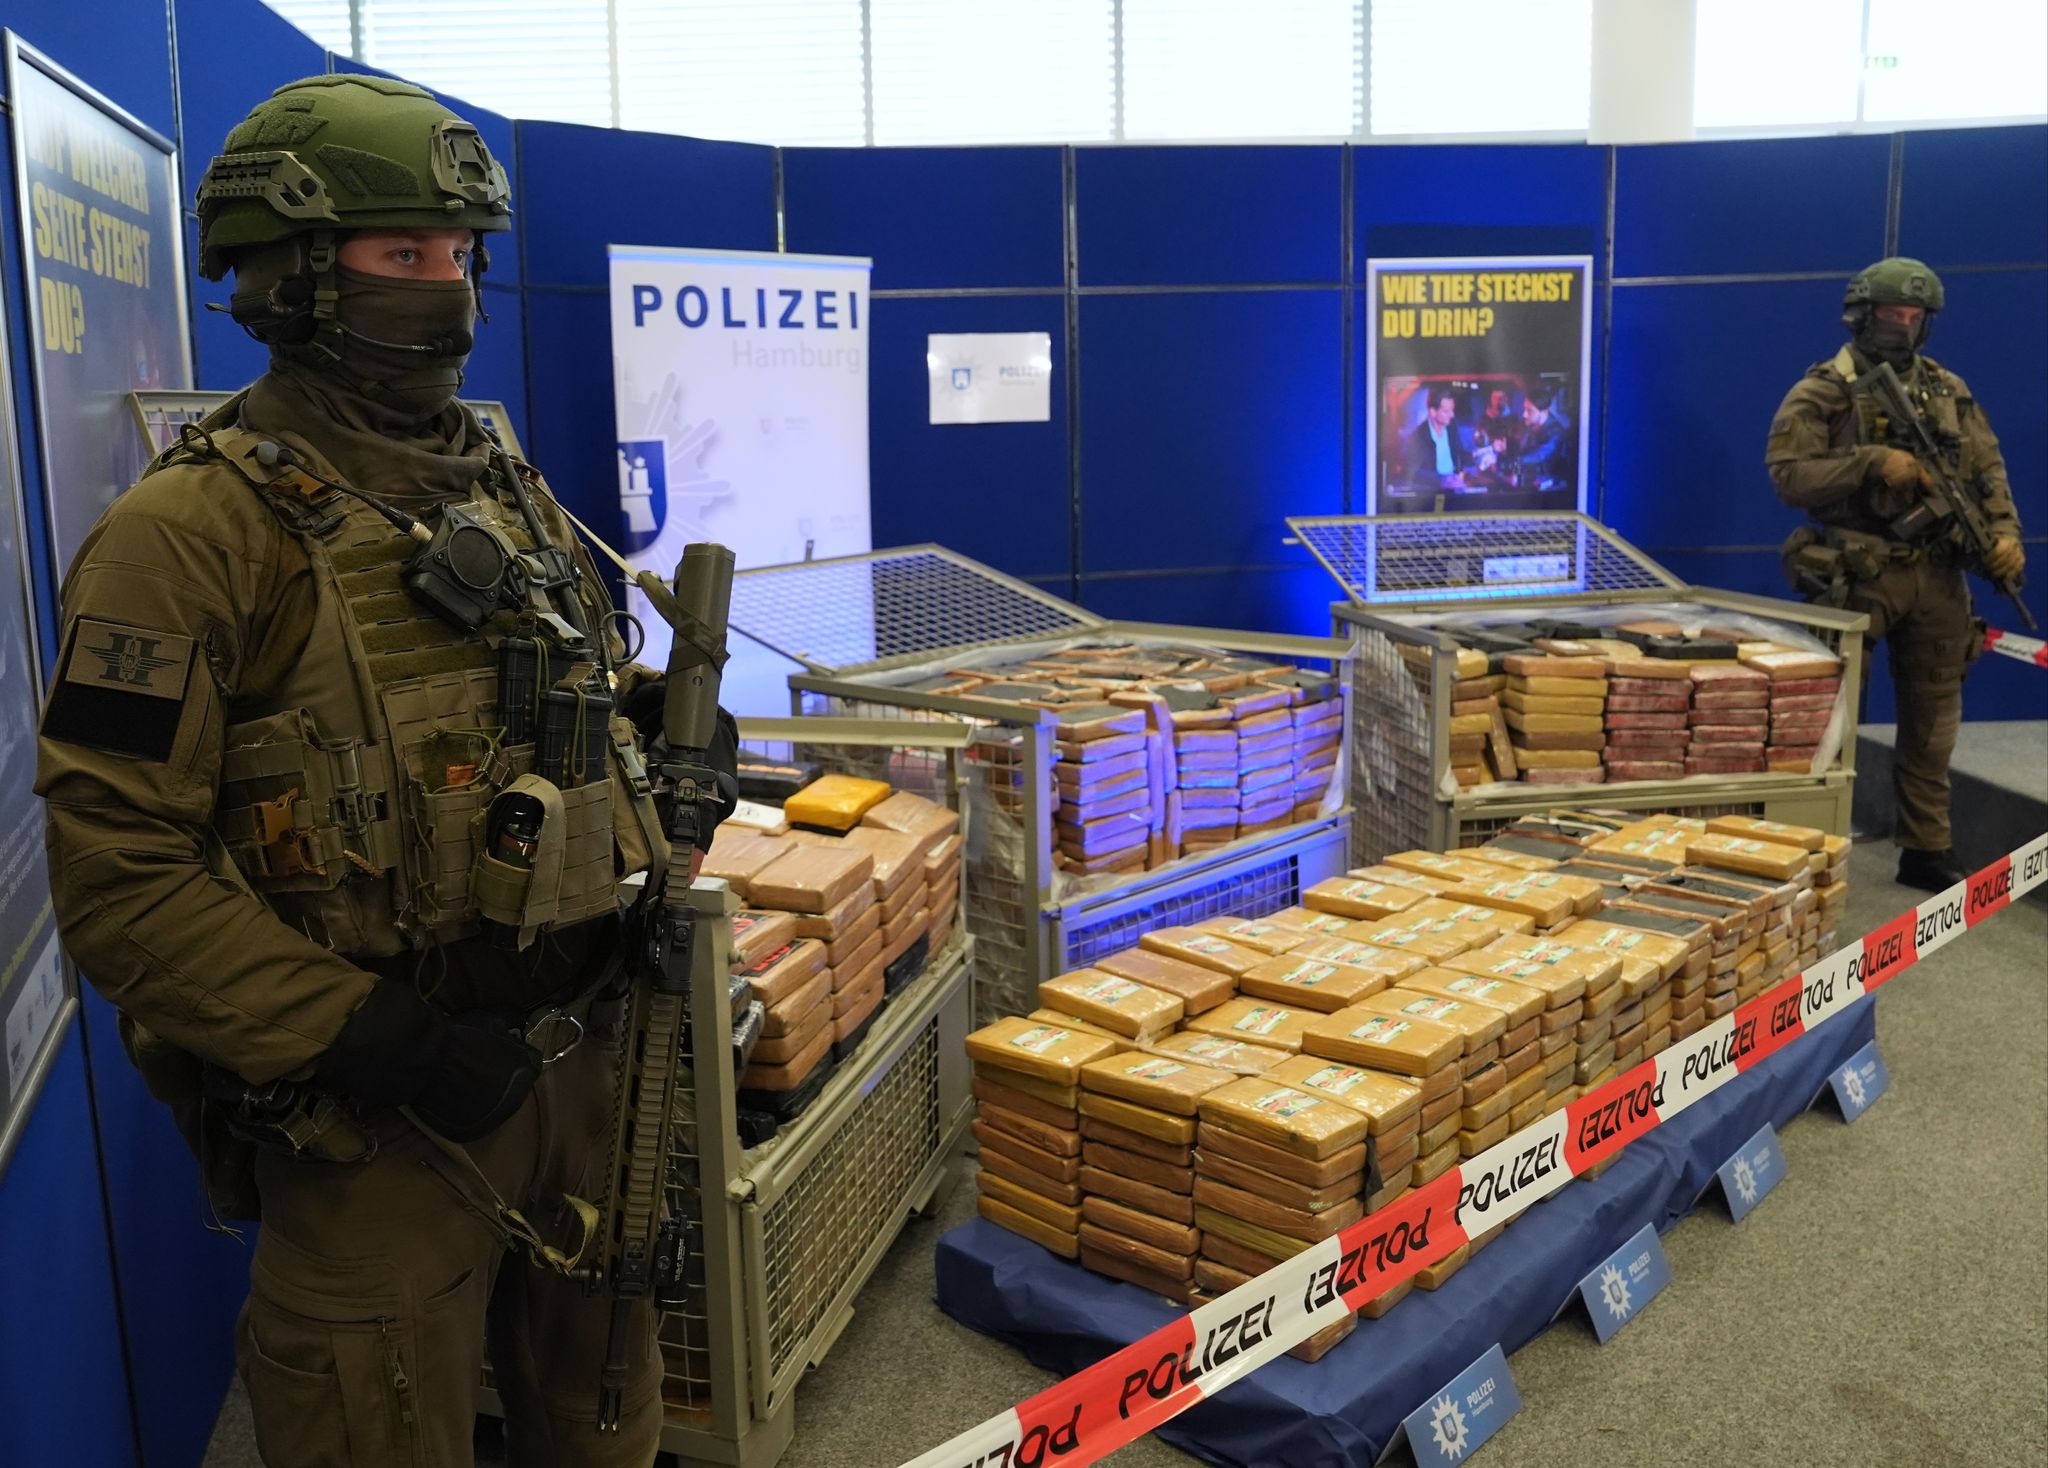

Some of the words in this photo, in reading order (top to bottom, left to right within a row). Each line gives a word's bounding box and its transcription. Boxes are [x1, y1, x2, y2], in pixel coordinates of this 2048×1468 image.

[69, 112, 149, 215] WELCHER
[32, 181, 88, 270] SEITE
[88, 206, 150, 289] STEHST
[40, 276, 85, 354] DU?
[632, 284, 858, 329] POLIZEI
[1382, 274, 1427, 304] WIE
[1429, 273, 1475, 303] TIEF
[1477, 272, 1573, 303] STECKST
[1382, 308, 1416, 338] DU
[1420, 307, 1494, 337] DRIN?
[732, 339, 861, 375] Hamburg
[1971, 864, 2016, 914] POLIZEI
[1913, 895, 1963, 949] POLIZEI
[1846, 931, 1903, 990] POLIZEI
[1770, 972, 1835, 1037] POLIZEI
[1682, 1017, 1757, 1090] POLIZEI
[1578, 1070, 1667, 1153] POLIZEI
[1454, 1133, 1560, 1226] POLIZEI
[1304, 1207, 1431, 1314] POLIZEI
[1118, 1295, 1276, 1420] POLIZEI
[1466, 1377, 1496, 1408] POLIZEI
****
WHAT TO DO: Every entry above needs to be copied exactly, apart from its pictures.

WRITTEN ANSWER:
Some of the words in this photo, in reading order (top to bottom, left to right within a row). Each line gives a word's bounding box and its transcription. Boxes are [x1, y1, x2, y2], in pixel coordinates of this 2048×1468 image.

[69, 112, 149, 215] WELCHER
[32, 181, 88, 270] SEITE
[88, 206, 150, 289] STEHST
[40, 276, 85, 354] DU?
[632, 284, 858, 329] POLIZEI
[1382, 274, 1427, 304] WIE
[1429, 273, 1475, 303] TIEF
[1477, 272, 1573, 303] STECKST
[1382, 308, 1416, 338] DU
[1420, 307, 1494, 337] DRIN?
[732, 339, 861, 375] Hamburg
[1971, 864, 2016, 914] POLIZEI
[1913, 895, 1963, 949] POLIZEI
[1846, 931, 1903, 990] POLIZEI
[1770, 972, 1835, 1037] POLIZEI
[1682, 1017, 1757, 1090] POLIZEI
[1578, 1070, 1667, 1153] POLIZEI
[1454, 1133, 1560, 1226] POLIZEI
[1304, 1207, 1431, 1314] POLIZEI
[1118, 1295, 1276, 1420] POLIZEI
[1466, 1377, 1496, 1408] POLIZEI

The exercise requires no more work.